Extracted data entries
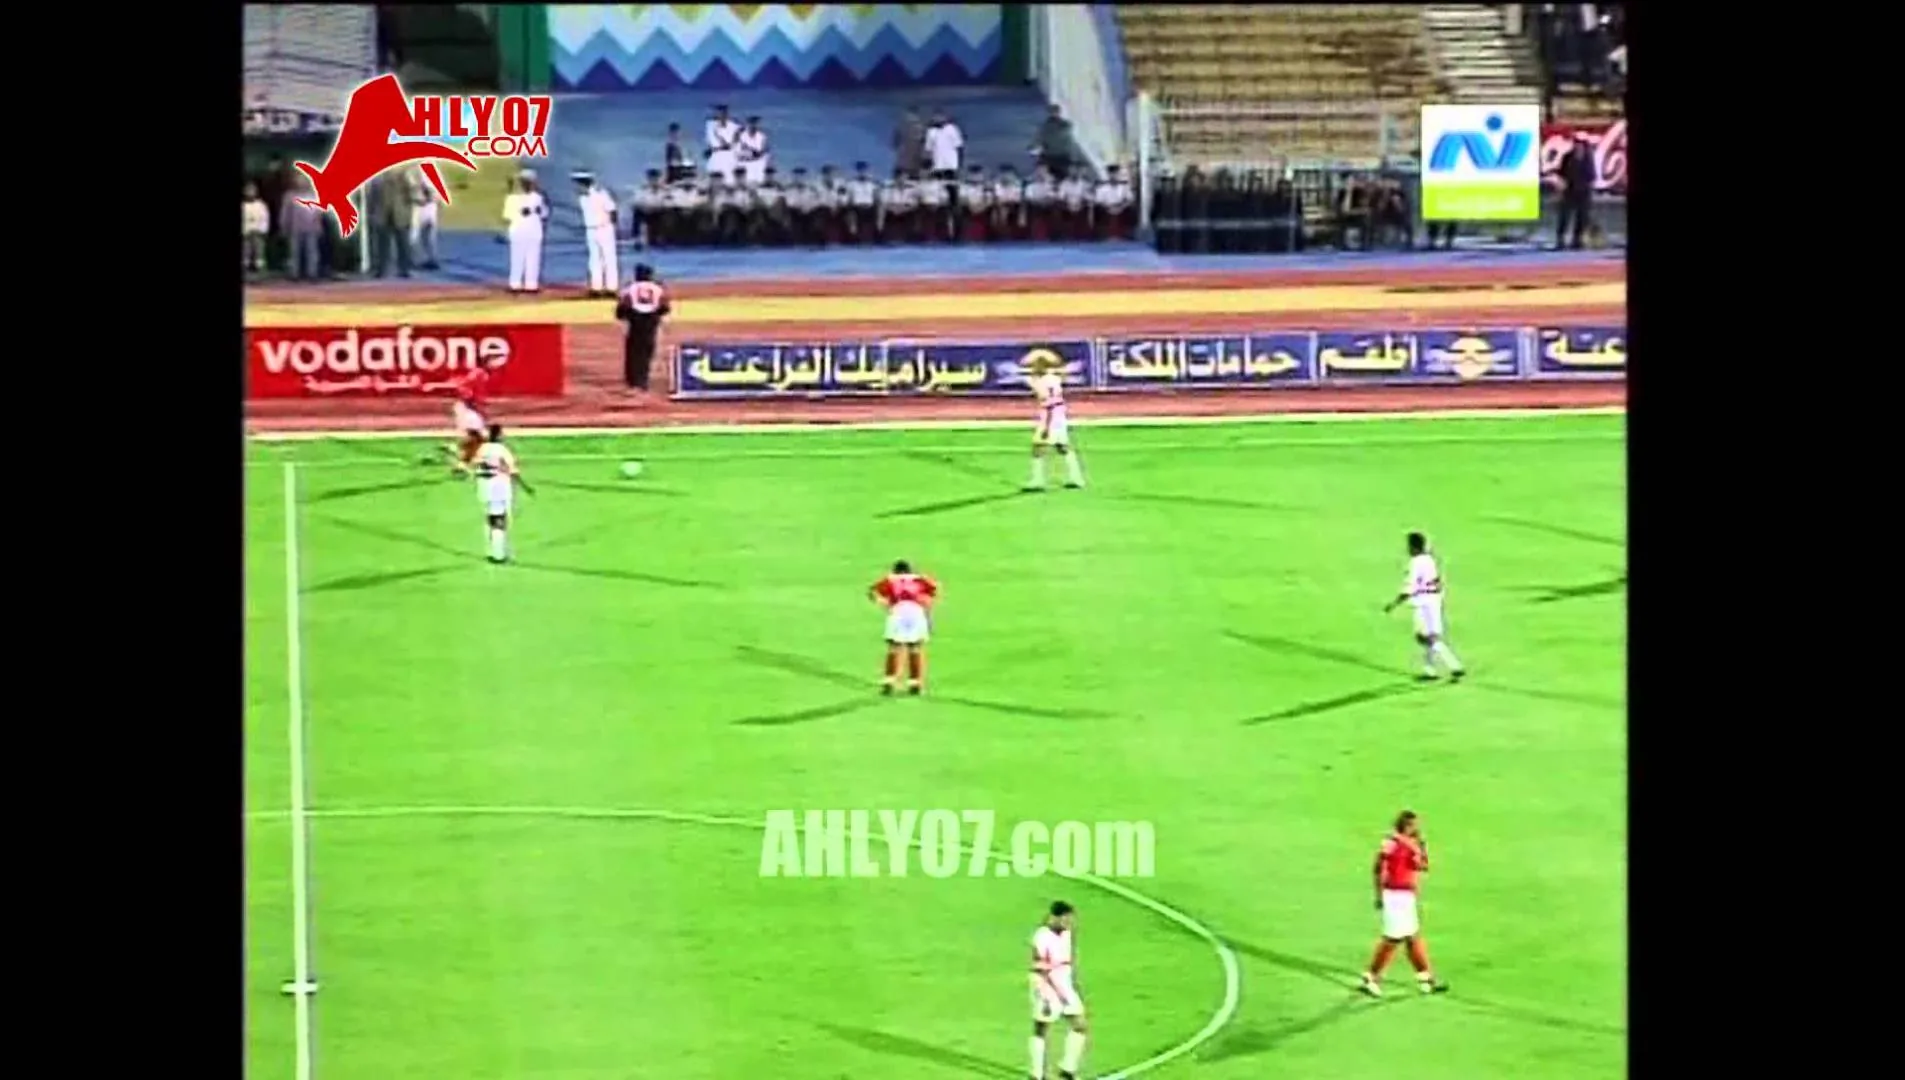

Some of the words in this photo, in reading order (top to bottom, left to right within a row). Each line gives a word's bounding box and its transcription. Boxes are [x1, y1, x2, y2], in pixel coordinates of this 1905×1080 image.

[258, 327, 511, 373] vodafone
[683, 344, 831, 390] الفراعنة
[834, 346, 987, 392] سيراميك
[1108, 339, 1187, 379] الملكة
[1188, 335, 1302, 377] حمامات

What to do => The answer is the complete set of records, copied exactly, with pictures omitted.

Answer below =>
Some of the words in this photo, in reading order (top to bottom, left to right within a row). Each line gives a word's bounding box and its transcription. Boxes are [x1, y1, x2, y2], in pixel coordinates of this 1905×1080 image.

[258, 327, 511, 373] vodafone
[683, 344, 831, 390] الفراعنة
[834, 346, 987, 392] سيراميك
[1108, 339, 1187, 379] الملكة
[1188, 335, 1302, 377] حمامات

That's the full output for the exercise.